● **Instructions to follow**
Everything in the data below should be restated word for word.

● **Data section**
**********

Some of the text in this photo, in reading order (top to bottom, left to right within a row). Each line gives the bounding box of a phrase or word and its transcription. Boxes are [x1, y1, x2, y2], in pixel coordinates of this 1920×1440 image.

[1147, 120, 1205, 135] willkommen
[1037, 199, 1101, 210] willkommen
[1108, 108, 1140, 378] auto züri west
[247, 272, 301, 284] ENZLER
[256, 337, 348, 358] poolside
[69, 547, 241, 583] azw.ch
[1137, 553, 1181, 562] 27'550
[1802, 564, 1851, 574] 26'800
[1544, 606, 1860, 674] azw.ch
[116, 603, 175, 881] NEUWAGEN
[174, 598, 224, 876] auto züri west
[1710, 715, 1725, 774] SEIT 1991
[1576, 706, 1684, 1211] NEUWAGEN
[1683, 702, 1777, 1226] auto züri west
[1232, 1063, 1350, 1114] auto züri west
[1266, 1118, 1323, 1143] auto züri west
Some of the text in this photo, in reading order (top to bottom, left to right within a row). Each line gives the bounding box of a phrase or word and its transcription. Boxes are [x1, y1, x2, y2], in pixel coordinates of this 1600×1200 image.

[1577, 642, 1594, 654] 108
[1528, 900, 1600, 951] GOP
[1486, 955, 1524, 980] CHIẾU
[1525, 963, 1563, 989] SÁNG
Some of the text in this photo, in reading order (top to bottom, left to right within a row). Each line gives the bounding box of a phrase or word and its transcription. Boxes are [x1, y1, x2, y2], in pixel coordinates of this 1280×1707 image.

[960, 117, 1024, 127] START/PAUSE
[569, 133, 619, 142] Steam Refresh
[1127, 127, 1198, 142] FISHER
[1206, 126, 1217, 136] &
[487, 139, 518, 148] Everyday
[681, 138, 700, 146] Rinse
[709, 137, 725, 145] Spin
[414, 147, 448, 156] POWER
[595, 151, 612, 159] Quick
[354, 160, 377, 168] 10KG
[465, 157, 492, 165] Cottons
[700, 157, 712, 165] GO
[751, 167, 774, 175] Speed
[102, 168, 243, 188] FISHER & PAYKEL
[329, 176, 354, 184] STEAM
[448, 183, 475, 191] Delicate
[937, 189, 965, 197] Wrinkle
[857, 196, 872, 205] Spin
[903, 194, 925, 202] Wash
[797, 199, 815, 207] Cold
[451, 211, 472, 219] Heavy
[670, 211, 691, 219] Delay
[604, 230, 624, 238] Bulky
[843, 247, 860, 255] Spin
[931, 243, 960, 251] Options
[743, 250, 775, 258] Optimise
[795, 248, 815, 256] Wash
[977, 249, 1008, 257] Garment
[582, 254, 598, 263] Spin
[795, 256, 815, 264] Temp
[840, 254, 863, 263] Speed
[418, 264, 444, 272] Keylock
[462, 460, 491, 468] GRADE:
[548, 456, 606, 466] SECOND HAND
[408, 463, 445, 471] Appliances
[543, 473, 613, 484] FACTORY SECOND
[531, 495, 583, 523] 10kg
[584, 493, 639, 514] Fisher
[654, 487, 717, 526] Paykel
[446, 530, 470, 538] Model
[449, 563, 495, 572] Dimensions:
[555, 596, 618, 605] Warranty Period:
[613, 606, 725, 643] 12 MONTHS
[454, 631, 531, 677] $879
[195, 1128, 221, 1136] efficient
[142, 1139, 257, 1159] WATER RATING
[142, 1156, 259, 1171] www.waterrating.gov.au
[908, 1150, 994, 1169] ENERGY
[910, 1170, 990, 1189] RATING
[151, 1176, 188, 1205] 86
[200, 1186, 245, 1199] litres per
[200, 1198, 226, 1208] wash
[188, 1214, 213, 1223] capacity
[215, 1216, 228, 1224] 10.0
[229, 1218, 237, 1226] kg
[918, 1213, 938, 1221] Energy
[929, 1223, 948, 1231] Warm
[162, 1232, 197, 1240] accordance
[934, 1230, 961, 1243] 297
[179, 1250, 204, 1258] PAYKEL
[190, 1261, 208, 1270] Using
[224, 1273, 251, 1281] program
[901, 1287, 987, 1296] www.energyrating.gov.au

**********

● **Output of the exercise**
Some of the text in this photo, in reading order (top to bottom, left to right within a row). Each line gives the bounding box of a phrase or word and its transcription. Boxes are [x1, y1, x2, y2], in pixel coordinates of this 1920×1440 image.

[1147, 120, 1205, 135] willkommen
[1037, 199, 1101, 210] willkommen
[1108, 108, 1140, 378] auto züri west
[247, 272, 301, 284] ENZLER
[256, 337, 348, 358] poolside
[69, 547, 241, 583] azw.ch
[1137, 553, 1181, 562] 27'550
[1802, 564, 1851, 574] 26'800
[1544, 606, 1860, 674] azw.ch
[116, 603, 175, 881] NEUWAGEN
[174, 598, 224, 876] auto züri west
[1710, 715, 1725, 774] SEIT 1991
[1576, 706, 1684, 1211] NEUWAGEN
[1683, 702, 1777, 1226] auto züri west
[1232, 1063, 1350, 1114] auto züri west
[1266, 1118, 1323, 1143] auto züri west
Some of the text in this photo, in reading order (top to bottom, left to right within a row). Each line gives the bounding box of a phrase or word and its transcription. Boxes are [x1, y1, x2, y2], in pixel coordinates of this 1600×1200 image.

[1577, 642, 1594, 654] 108
[1528, 900, 1600, 951] GOP
[1486, 955, 1524, 980] CHIẾU
[1525, 963, 1563, 989] SÁNG
Some of the text in this photo, in reading order (top to bottom, left to right within a row). Each line gives the bounding box of a phrase or word and its transcription. Boxes are [x1, y1, x2, y2], in pixel coordinates of this 1280×1707 image.

[960, 117, 1024, 127] START/PAUSE
[569, 133, 619, 142] Steam Refresh
[1127, 127, 1198, 142] FISHER
[1206, 126, 1217, 136] &
[487, 139, 518, 148] Everyday
[681, 138, 700, 146] Rinse
[709, 137, 725, 145] Spin
[414, 147, 448, 156] POWER
[595, 151, 612, 159] Quick
[354, 160, 377, 168] 10KG
[465, 157, 492, 165] Cottons
[700, 157, 712, 165] GO
[751, 167, 774, 175] Speed
[102, 168, 243, 188] FISHER & PAYKEL
[329, 176, 354, 184] STEAM
[448, 183, 475, 191] Delicate
[937, 189, 965, 197] Wrinkle
[857, 196, 872, 205] Spin
[903, 194, 925, 202] Wash
[797, 199, 815, 207] Cold
[451, 211, 472, 219] Heavy
[670, 211, 691, 219] Delay
[604, 230, 624, 238] Bulky
[843, 247, 860, 255] Spin
[931, 243, 960, 251] Options
[743, 250, 775, 258] Optimise
[795, 248, 815, 256] Wash
[977, 249, 1008, 257] Garment
[582, 254, 598, 263] Spin
[795, 256, 815, 264] Temp
[840, 254, 863, 263] Speed
[418, 264, 444, 272] Keylock
[462, 460, 491, 468] GRADE:
[548, 456, 606, 466] SECOND HAND
[408, 463, 445, 471] Appliances
[543, 473, 613, 484] FACTORY SECOND
[531, 495, 583, 523] 10kg
[584, 493, 639, 514] Fisher
[654, 487, 717, 526] Paykel
[446, 530, 470, 538] Model
[449, 563, 495, 572] Dimensions:
[555, 596, 618, 605] Warranty Period:
[613, 606, 725, 643] 12 MONTHS
[454, 631, 531, 677] $879
[195, 1128, 221, 1136] efficient
[142, 1139, 257, 1159] WATER RATING
[142, 1156, 259, 1171] www.waterrating.gov.au
[908, 1150, 994, 1169] ENERGY
[910, 1170, 990, 1189] RATING
[151, 1176, 188, 1205] 86
[200, 1186, 245, 1199] litres per
[200, 1198, 226, 1208] wash
[188, 1214, 213, 1223] capacity
[215, 1216, 228, 1224] 10.0
[229, 1218, 237, 1226] kg
[918, 1213, 938, 1221] Energy
[929, 1223, 948, 1231] Warm
[162, 1232, 197, 1240] accordance
[934, 1230, 961, 1243] 297
[179, 1250, 204, 1258] PAYKEL
[190, 1261, 208, 1270] Using
[224, 1273, 251, 1281] program
[901, 1287, 987, 1296] www.energyrating.gov.au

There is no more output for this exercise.